5. Un « Charge-objet » de Jean-Michel Sanejouand est reproduit dans l’un des tout premiers livres consacrés au Pop Art : Mario Amayo, Pop as Art, A Survey of The New Super-Realism, Londres, 1965, à proximité d’œuvres de Marcel Duchamp et d’Yves Klein – signe du flou entourant alors la notion de Pop art. Comment ne pas en profiter ici pour citer cet aphorisme de Jean-Michel Sanejouand : « Le flou intellectuel chatouille agréablement ».

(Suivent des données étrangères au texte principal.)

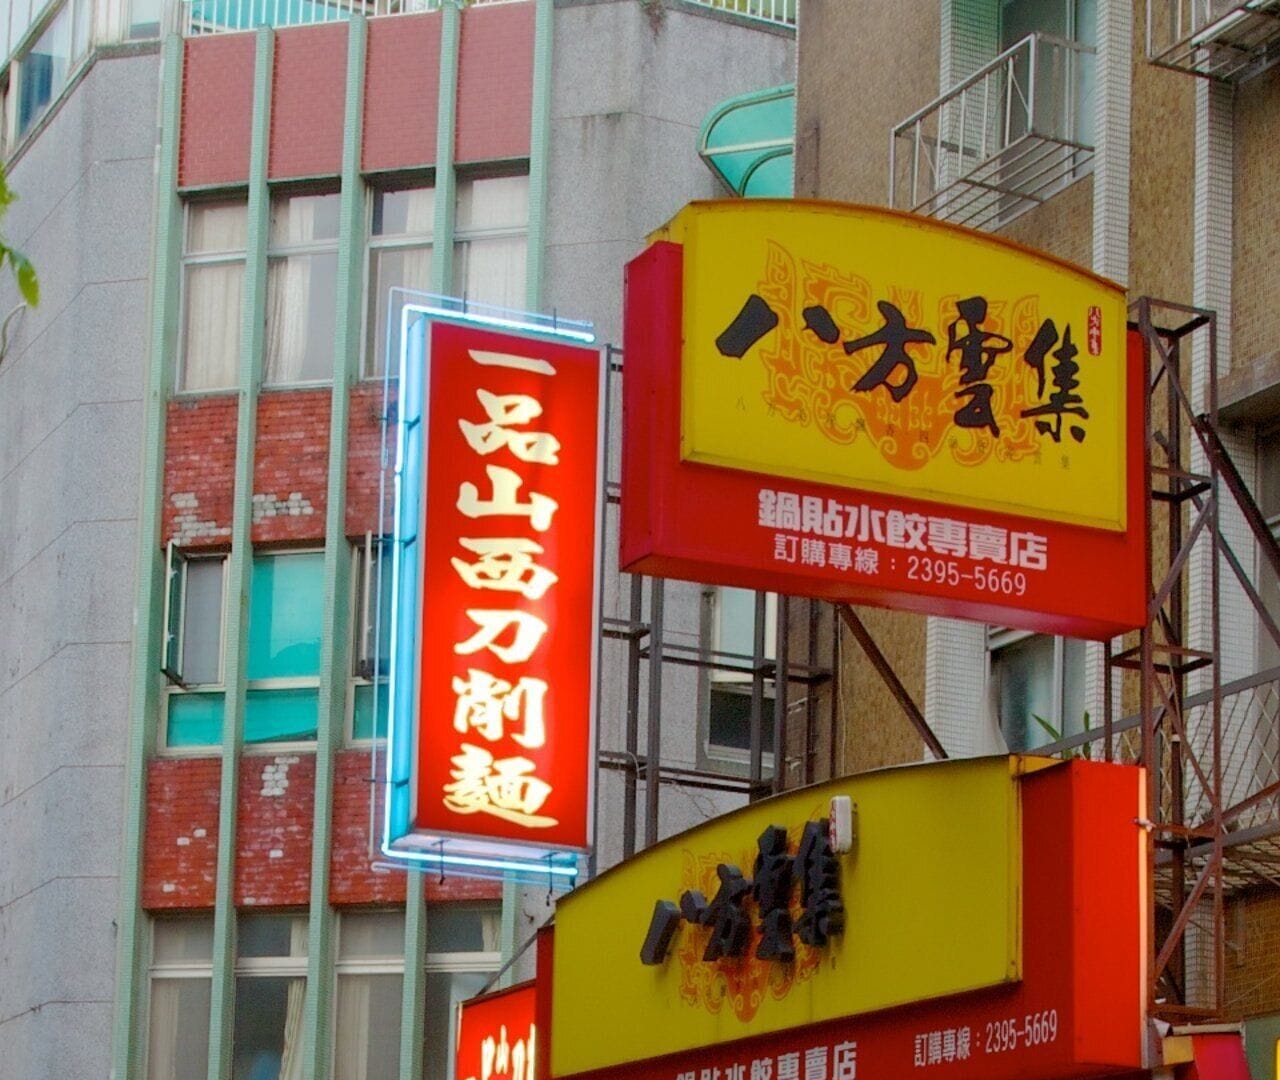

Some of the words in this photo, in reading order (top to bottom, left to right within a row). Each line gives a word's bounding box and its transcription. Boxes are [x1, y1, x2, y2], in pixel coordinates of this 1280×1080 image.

[716, 293, 1092, 443] 八方雲集
[758, 488, 1048, 571] 鍋貼水餃專賣店
[442, 347, 560, 829] 一品山西刀削麵
[907, 555, 1027, 596] 2395-5669
[985, 1009, 1058, 1054] 2395-5669

6. Parmi les autres expositions personnelles consacrées aux « Charges-objets », citons Jean-Michel Sanejouand, Charges-objets, MAMCO, Genève, 2015 ; Les Charges-objets, Haim Chanin Fine Arts, Art Paris, Paris, 2010 ; Les Charges-objets 1963-1967, Galerie Froment-Putman, Paris, 1991.

7. Le titre de cette publication et de l’exposition à la Galerie kreo s’inspire de celui d’un projet non réalisé, conçu par Jean-Michel Sanejouand en 1970.

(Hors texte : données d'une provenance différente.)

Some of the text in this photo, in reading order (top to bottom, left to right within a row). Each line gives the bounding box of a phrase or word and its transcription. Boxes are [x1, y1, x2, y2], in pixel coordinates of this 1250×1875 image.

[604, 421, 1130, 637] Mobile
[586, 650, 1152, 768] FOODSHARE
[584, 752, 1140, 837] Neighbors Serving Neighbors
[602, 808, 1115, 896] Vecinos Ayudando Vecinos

8. En s’attachant à la problématique de l’espace, l’œuvre de Jean-Michel Sanejouand opère une réconciliation entre la peinture et la sculpture. Il explique souvent : « Peintre ou sculpteur, cette distinction ne m’importe pas vraiment ».

9. In Dossier de presse de l’exposition Jean-Michel Sanejouand. Rétrospective, Centre Pompidou, Paris, 1995, cité par Frédéric Herbin, Les Organisations d’espace de Jean-Michel Sanejouand (1967-1974), cat. exp., École nationale supérieure d’Art de Bourges, Bourges, 2013, p. 15. L’excellent texte de Frédéric Herbin y propose une analyse circonstanciée du corpus des Organisations d’espace ainsi qu’une « généalogie des pratiques in situ en France », mettant en lumière les spécificités respectives des artistes américains de l’art minimal et des artistes européens, et des artistes européens entre eux, notamment autour de la figure de Daniel Buren, quant à cette question de l’œuvre in situ.

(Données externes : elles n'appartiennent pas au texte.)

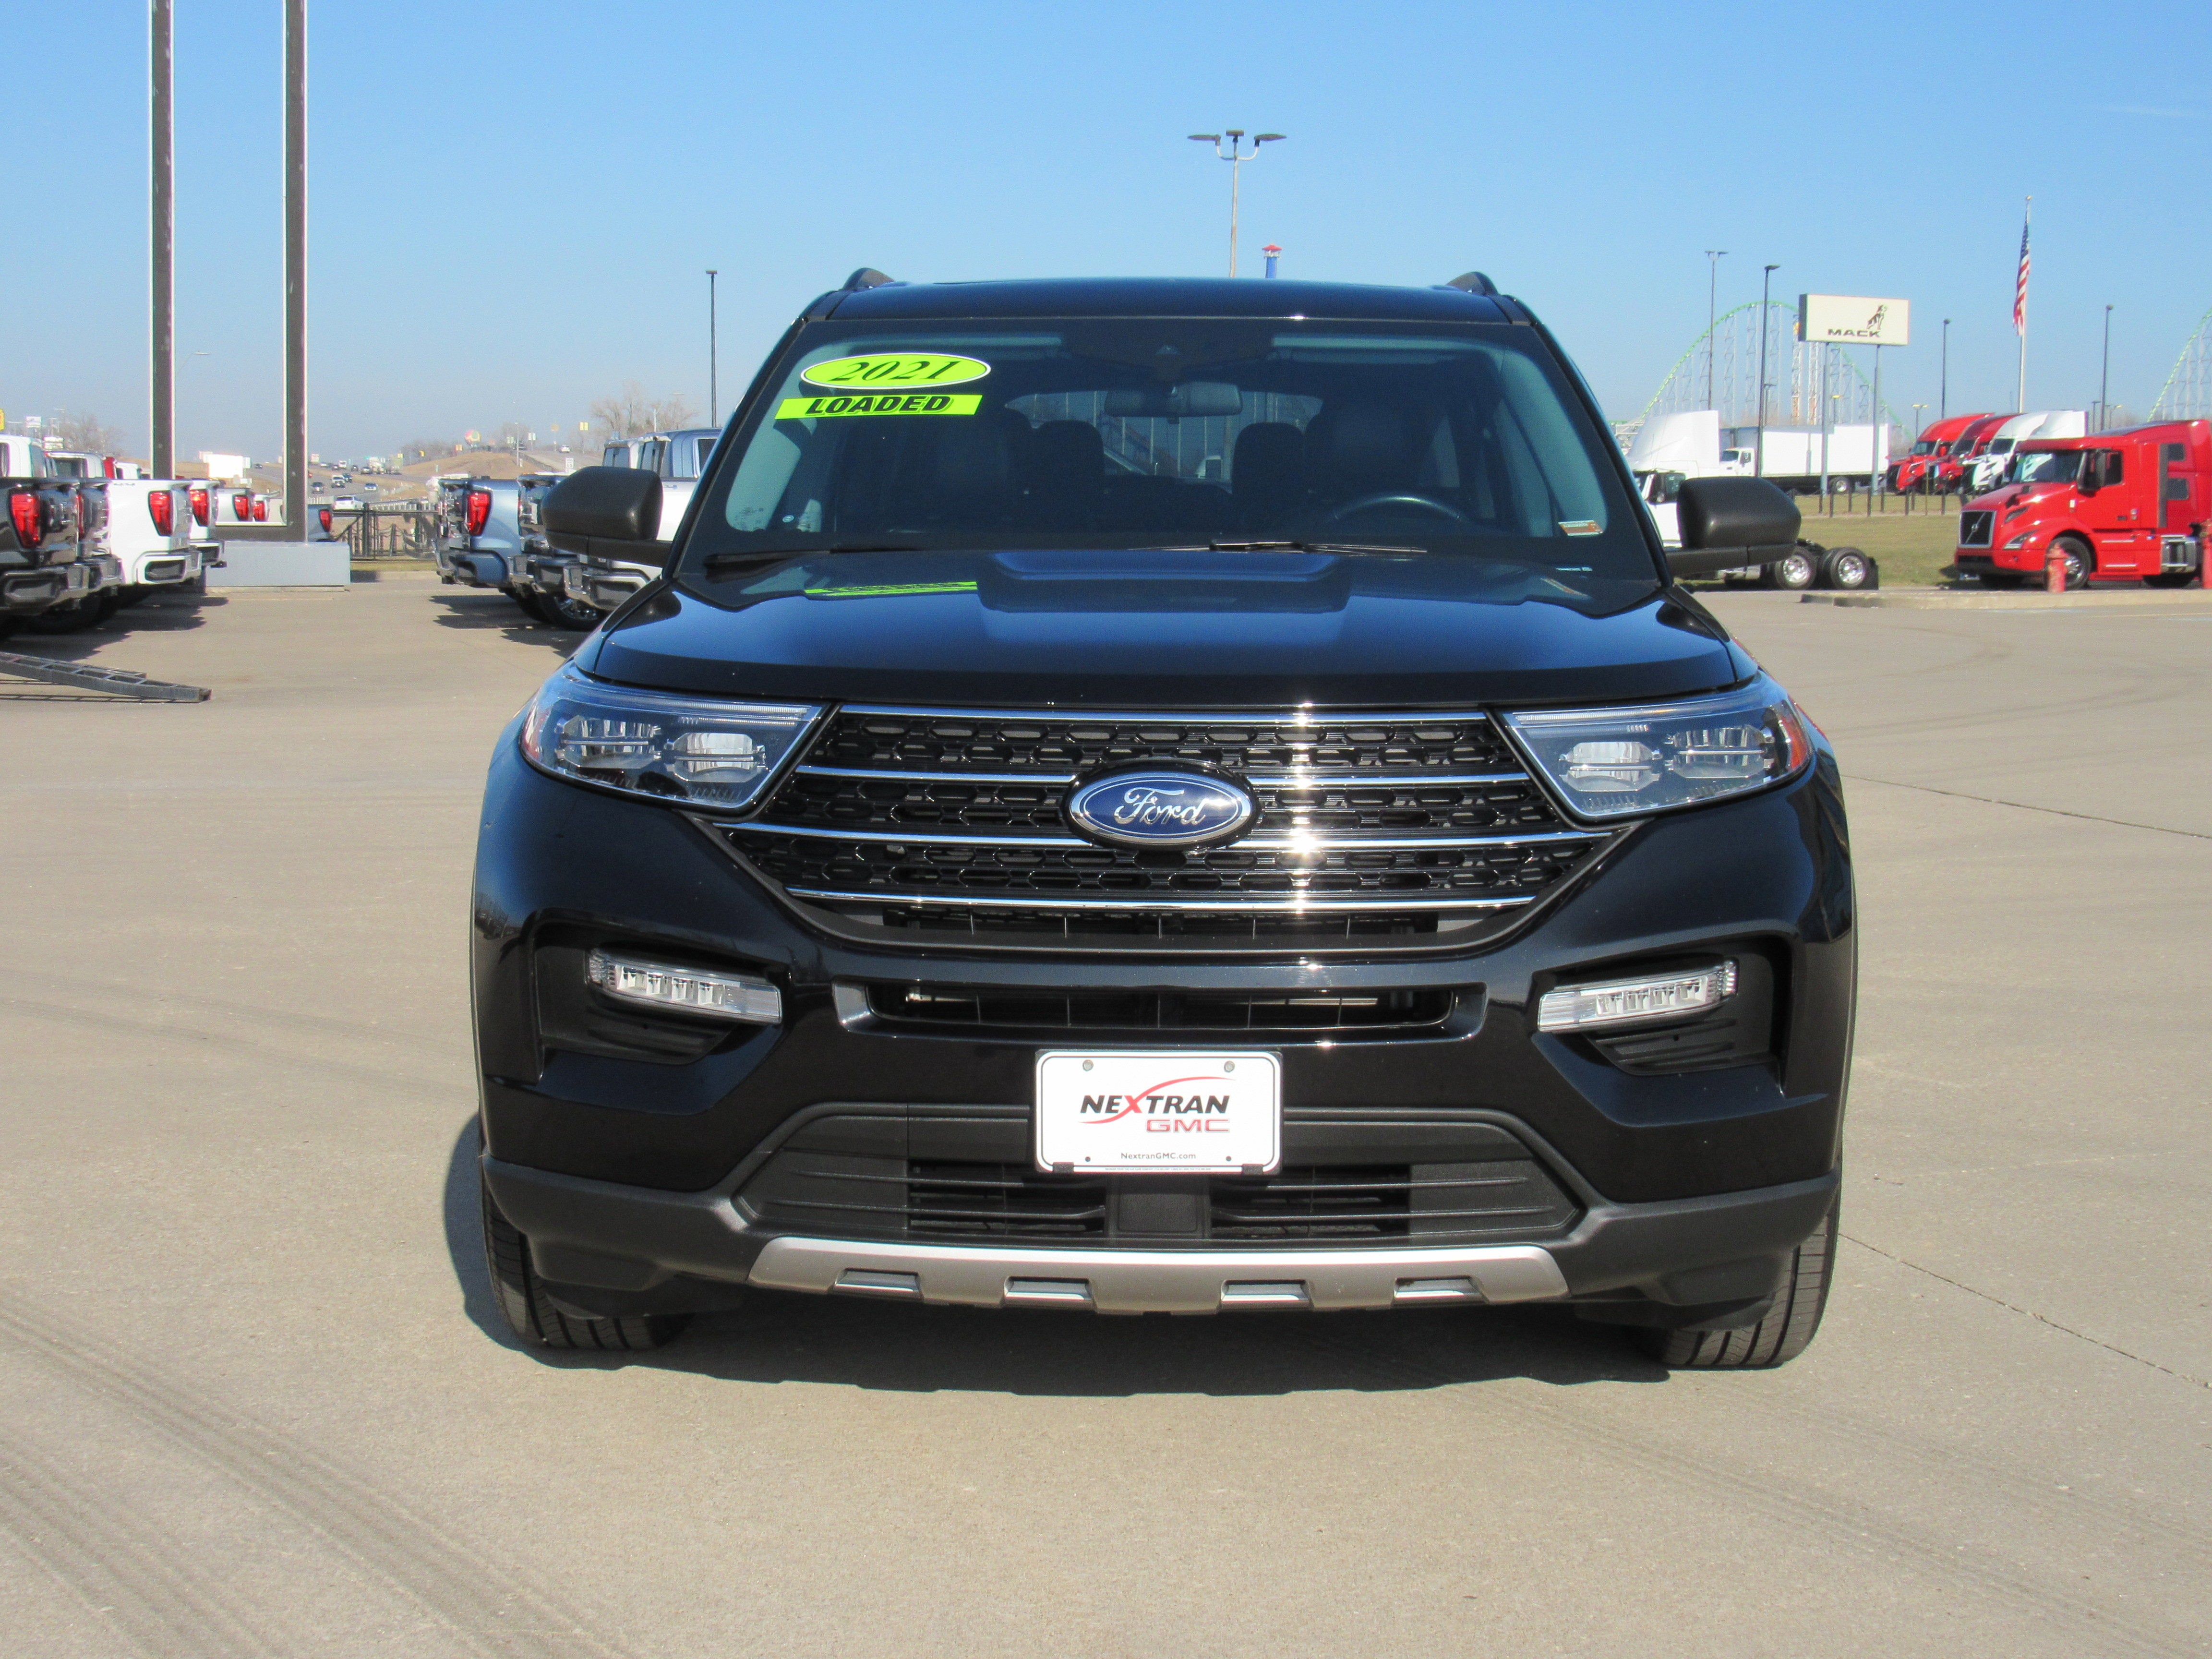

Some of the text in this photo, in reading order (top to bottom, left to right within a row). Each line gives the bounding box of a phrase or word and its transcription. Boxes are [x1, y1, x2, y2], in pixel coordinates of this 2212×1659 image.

[1827, 329, 1881, 337] MACK
[827, 361, 961, 381] 2021
[805, 396, 954, 416] LOADED
[1114, 787, 1206, 825] Ford
[1080, 1095, 1230, 1114] NEXTRAN
[1146, 1119, 1230, 1133] GMC

10. Grégoire Müller, J.M. Sanejouand (Deux organisations d’espaces), Galerie Yvon Lambert, Paris, 1968, n. p.

11. L’étymologie grecque du terme « parodie » signifie le chant d’à côté, le contrechant, la voie parallèle qui, pour Jean-Michel Sanejouand, se révèla être souvent la voie de l’innovation et de la liberté.

12. In Robert Fleck, « Histoire d’une subversion », Jean-Michel Sanejouand, cat. exp., Centre Pompidou, 28 juin-25 septembre 1995, Paris, p. 12. Avec Jean-Michel Sanejouand, l’attitude envers l’art prime sur la forme de cet art, pour reprendre les termes de l’exposition-manifeste de Harald Szeemann à la Kunsthalle de Berne en 1969 à laquelle il aurait pu participer.

13. Voir dans les « Charges-objets » des portraits à charge de leur époque permet d’anticiper les Calligraphies d’humeur et leur dimension caricaturale.

14. Groupe fondé par François Arnal – artiste-peintre –, Serge Benbouche et Olivier Boissière, actif de 1969 à 1972. Pierre Restany en accompagna les activités.